EXCERPTED DATA:
┌──
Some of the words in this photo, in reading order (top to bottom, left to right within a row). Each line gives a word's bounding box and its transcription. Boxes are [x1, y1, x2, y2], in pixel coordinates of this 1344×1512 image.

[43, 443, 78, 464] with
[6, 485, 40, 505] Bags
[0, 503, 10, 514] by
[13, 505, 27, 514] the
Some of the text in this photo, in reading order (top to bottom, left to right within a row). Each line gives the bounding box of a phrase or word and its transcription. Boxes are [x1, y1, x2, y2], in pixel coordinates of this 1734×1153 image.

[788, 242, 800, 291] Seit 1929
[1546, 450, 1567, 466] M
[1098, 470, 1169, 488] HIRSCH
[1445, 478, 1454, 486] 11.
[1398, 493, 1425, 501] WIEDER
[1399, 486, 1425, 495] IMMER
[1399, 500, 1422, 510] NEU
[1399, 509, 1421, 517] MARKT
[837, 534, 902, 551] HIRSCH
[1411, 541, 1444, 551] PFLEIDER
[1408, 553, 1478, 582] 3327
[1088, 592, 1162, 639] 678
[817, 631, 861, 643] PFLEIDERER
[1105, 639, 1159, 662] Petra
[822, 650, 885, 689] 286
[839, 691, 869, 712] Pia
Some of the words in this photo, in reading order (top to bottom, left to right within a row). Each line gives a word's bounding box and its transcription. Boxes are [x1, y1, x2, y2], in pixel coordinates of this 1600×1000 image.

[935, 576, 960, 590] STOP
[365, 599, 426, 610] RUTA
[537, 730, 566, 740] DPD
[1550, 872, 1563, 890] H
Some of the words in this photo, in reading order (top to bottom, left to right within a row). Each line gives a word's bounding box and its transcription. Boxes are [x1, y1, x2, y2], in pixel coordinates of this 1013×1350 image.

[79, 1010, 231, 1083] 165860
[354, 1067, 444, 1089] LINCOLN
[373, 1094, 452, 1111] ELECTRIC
└──
ACTIVITY:
What you give back should be the full listing, copied exactly.

RESULT OF THE TASK:
Some of the words in this photo, in reading order (top to bottom, left to right within a row). Each line gives a word's bounding box and its transcription. Boxes are [x1, y1, x2, y2], in pixel coordinates of this 1344×1512 image.

[43, 443, 78, 464] with
[6, 485, 40, 505] Bags
[0, 503, 10, 514] by
[13, 505, 27, 514] the
Some of the text in this photo, in reading order (top to bottom, left to right within a row). Each line gives the bounding box of a phrase or word and its transcription. Boxes are [x1, y1, x2, y2], in pixel coordinates of this 1734×1153 image.

[788, 242, 800, 291] Seit 1929
[1546, 450, 1567, 466] M
[1098, 470, 1169, 488] HIRSCH
[1445, 478, 1454, 486] 11.
[1398, 493, 1425, 501] WIEDER
[1399, 486, 1425, 495] IMMER
[1399, 500, 1422, 510] NEU
[1399, 509, 1421, 517] MARKT
[837, 534, 902, 551] HIRSCH
[1411, 541, 1444, 551] PFLEIDER
[1408, 553, 1478, 582] 3327
[1088, 592, 1162, 639] 678
[817, 631, 861, 643] PFLEIDERER
[1105, 639, 1159, 662] Petra
[822, 650, 885, 689] 286
[839, 691, 869, 712] Pia
Some of the words in this photo, in reading order (top to bottom, left to right within a row). Each line gives a word's bounding box and its transcription. Boxes are [x1, y1, x2, y2], in pixel coordinates of this 1600×1000 image.

[935, 576, 960, 590] STOP
[365, 599, 426, 610] RUTA
[537, 730, 566, 740] DPD
[1550, 872, 1563, 890] H
Some of the words in this photo, in reading order (top to bottom, left to right within a row). Each line gives a word's bounding box and its transcription. Boxes are [x1, y1, x2, y2], in pixel coordinates of this 1013×1350 image.

[79, 1010, 231, 1083] 165860
[354, 1067, 444, 1089] LINCOLN
[373, 1094, 452, 1111] ELECTRIC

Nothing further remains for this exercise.